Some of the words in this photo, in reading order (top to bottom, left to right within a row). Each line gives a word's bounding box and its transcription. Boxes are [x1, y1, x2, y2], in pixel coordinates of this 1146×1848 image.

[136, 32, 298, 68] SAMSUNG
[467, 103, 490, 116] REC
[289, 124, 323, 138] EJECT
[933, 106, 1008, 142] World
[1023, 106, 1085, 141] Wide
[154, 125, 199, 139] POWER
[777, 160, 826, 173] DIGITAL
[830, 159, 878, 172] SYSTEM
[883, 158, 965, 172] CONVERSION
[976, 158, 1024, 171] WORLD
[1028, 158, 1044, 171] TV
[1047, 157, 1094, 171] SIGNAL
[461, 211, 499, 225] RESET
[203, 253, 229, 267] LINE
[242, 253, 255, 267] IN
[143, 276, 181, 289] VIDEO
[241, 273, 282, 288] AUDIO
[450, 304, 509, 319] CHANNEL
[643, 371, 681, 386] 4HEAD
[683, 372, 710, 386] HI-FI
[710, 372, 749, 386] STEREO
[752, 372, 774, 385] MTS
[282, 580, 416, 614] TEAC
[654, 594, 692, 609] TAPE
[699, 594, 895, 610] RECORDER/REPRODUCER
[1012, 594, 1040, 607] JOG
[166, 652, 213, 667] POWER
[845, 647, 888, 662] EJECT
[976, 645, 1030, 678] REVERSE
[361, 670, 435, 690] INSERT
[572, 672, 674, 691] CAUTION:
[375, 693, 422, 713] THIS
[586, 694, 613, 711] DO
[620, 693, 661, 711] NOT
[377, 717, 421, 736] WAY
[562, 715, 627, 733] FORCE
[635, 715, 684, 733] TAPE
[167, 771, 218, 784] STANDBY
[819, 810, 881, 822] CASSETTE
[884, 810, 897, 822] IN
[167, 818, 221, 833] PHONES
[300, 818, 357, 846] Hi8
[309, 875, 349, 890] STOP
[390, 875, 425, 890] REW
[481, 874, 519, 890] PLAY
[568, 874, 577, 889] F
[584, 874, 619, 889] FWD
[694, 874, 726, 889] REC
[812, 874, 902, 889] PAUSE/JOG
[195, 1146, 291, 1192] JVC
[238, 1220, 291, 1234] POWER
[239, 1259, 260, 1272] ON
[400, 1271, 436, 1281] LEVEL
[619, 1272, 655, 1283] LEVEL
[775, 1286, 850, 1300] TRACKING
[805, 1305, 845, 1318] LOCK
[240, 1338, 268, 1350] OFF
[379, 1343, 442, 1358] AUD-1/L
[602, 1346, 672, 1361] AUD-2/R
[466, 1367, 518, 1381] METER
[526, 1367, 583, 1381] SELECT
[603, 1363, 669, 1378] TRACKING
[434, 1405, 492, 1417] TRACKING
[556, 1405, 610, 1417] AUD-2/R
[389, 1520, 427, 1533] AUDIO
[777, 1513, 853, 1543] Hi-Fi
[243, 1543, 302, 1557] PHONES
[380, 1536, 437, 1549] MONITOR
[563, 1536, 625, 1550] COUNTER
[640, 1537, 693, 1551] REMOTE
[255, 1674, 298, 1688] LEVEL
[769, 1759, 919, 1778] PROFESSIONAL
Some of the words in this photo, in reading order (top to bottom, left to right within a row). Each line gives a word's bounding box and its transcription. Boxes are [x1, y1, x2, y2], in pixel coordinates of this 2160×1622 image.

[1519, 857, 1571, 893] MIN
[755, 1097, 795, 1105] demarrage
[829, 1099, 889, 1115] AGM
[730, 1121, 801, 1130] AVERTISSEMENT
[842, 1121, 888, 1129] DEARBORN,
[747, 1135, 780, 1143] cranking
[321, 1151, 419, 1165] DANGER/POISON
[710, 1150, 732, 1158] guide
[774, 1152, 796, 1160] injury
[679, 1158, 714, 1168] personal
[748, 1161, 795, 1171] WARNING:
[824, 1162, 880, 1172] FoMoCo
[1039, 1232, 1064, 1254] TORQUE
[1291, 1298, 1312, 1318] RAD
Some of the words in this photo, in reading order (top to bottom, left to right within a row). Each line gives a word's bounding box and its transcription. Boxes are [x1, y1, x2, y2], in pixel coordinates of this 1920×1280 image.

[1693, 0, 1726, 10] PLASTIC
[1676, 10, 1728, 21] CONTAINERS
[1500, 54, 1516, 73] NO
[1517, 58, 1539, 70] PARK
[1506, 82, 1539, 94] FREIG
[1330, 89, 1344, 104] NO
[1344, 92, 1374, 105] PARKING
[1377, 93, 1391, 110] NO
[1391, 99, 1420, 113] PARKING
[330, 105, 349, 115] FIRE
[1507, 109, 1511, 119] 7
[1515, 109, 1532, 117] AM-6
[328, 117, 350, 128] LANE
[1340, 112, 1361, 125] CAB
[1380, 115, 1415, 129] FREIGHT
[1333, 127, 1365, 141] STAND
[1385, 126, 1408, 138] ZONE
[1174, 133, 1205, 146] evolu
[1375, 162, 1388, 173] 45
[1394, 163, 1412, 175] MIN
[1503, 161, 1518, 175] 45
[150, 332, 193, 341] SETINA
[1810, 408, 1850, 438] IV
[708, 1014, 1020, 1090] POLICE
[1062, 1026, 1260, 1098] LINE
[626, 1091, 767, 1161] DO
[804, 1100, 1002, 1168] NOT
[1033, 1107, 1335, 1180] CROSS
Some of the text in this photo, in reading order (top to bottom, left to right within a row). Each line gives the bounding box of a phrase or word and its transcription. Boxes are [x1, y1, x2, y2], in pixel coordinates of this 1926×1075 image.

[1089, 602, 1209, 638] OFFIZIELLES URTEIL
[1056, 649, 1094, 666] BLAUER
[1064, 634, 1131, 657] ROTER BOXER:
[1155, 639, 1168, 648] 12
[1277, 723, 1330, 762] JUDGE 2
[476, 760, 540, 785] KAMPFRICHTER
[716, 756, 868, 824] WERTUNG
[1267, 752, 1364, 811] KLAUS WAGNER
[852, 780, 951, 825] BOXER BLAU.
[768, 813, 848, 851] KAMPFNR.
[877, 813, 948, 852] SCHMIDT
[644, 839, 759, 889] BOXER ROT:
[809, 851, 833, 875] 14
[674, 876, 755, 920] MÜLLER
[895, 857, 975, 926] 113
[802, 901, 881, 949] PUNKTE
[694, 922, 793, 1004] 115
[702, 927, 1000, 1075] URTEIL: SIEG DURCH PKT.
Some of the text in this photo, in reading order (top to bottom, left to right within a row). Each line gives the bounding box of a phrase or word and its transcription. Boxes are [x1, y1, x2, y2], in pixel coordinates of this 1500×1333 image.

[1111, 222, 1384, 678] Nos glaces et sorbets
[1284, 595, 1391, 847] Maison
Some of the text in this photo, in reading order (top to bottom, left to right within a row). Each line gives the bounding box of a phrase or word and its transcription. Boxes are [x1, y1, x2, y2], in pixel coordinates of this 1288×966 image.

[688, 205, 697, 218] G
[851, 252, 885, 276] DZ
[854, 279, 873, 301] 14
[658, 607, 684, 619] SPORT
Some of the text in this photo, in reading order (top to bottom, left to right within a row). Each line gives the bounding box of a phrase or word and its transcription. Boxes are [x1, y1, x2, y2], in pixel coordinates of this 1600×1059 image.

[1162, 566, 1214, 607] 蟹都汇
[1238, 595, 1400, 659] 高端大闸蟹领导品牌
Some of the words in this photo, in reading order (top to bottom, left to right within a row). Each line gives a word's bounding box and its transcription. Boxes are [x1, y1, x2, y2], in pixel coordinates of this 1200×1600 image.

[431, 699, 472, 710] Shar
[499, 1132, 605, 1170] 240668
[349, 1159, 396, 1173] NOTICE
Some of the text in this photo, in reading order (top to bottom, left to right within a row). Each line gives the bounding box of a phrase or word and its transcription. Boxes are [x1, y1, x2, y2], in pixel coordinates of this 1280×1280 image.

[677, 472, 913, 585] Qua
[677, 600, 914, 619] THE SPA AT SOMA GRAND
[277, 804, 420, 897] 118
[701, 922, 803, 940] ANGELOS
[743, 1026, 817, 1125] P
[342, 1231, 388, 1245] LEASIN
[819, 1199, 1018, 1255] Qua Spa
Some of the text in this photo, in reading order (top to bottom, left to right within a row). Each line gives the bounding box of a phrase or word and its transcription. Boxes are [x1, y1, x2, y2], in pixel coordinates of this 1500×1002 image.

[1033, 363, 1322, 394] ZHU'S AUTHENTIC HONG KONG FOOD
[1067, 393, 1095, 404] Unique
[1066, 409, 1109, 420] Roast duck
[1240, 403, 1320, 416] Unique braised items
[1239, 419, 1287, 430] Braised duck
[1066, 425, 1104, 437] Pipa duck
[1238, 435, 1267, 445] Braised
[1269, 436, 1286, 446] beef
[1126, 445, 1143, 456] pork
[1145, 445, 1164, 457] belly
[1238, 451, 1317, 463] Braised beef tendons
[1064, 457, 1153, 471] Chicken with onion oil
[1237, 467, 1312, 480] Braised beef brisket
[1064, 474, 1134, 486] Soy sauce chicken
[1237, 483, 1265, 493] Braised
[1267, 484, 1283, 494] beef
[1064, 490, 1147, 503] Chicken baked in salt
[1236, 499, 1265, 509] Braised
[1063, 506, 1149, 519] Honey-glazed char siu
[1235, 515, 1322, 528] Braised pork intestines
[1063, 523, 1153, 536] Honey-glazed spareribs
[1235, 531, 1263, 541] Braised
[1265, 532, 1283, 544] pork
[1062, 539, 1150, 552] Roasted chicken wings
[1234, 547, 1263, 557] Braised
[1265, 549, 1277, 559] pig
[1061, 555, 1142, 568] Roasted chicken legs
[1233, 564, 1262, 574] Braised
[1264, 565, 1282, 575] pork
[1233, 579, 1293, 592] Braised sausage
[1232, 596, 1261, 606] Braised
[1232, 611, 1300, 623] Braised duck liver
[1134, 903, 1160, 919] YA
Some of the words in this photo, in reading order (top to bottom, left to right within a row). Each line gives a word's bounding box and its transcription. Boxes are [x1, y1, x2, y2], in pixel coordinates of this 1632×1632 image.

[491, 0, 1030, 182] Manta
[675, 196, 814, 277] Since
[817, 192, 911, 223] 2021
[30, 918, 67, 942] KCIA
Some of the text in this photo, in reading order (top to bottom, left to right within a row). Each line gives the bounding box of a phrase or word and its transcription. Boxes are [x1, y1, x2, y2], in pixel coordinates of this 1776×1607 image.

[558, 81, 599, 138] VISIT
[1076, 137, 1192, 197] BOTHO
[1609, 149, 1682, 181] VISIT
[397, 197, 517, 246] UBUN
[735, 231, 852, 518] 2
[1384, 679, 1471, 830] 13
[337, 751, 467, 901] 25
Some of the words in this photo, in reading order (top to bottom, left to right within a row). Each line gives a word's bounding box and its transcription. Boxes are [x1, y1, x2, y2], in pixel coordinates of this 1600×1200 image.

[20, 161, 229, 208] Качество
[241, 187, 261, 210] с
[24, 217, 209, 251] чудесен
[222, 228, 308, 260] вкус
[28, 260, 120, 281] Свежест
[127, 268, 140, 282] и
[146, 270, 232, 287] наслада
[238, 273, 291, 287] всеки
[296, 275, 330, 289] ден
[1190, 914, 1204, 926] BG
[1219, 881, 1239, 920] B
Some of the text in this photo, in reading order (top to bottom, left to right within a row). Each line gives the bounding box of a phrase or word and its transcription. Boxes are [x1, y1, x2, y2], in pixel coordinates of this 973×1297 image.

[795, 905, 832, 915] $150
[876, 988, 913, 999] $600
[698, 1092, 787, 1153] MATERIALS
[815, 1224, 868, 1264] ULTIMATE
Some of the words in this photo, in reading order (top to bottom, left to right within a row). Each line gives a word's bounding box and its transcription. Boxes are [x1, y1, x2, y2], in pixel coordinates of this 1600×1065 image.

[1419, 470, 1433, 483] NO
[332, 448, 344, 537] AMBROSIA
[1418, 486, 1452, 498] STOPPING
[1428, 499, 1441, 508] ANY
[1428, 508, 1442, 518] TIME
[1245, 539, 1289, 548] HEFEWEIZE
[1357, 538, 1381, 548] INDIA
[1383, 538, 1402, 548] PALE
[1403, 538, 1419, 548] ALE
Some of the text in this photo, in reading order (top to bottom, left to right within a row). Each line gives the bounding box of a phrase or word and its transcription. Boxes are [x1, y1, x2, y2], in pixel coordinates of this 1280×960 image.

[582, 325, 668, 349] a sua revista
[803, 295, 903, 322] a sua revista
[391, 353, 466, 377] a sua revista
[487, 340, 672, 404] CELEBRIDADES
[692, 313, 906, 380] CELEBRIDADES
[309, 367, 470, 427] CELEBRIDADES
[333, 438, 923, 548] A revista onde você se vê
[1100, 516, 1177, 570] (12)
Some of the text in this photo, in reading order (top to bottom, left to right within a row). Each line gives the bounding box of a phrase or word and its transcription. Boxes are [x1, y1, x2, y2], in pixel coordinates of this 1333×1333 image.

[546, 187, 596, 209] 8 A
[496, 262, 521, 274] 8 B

▶ [Activity]:
Nothing outside the span should appear: transcribe the lines from the one containing "this 1280×960 image." through the last line of the records.

▶ [Result for this exercise]:
Some of the text in this photo, in reading order (top to bottom, left to right within a row). Each line gives the bounding box of a phrase or word and its transcription. Boxes are [x1, y1, x2, y2], in pixel coordinates of this 1280×960 image.

[582, 325, 668, 349] a sua revista
[803, 295, 903, 322] a sua revista
[391, 353, 466, 377] a sua revista
[487, 340, 672, 404] CELEBRIDADES
[692, 313, 906, 380] CELEBRIDADES
[309, 367, 470, 427] CELEBRIDADES
[333, 438, 923, 548] A revista onde você se vê
[1100, 516, 1177, 570] (12)
Some of the text in this photo, in reading order (top to bottom, left to right within a row). Each line gives the bounding box of a phrase or word and its transcription. Boxes are [x1, y1, x2, y2], in pixel coordinates of this 1333×1333 image.

[546, 187, 596, 209] 8 A
[496, 262, 521, 274] 8 B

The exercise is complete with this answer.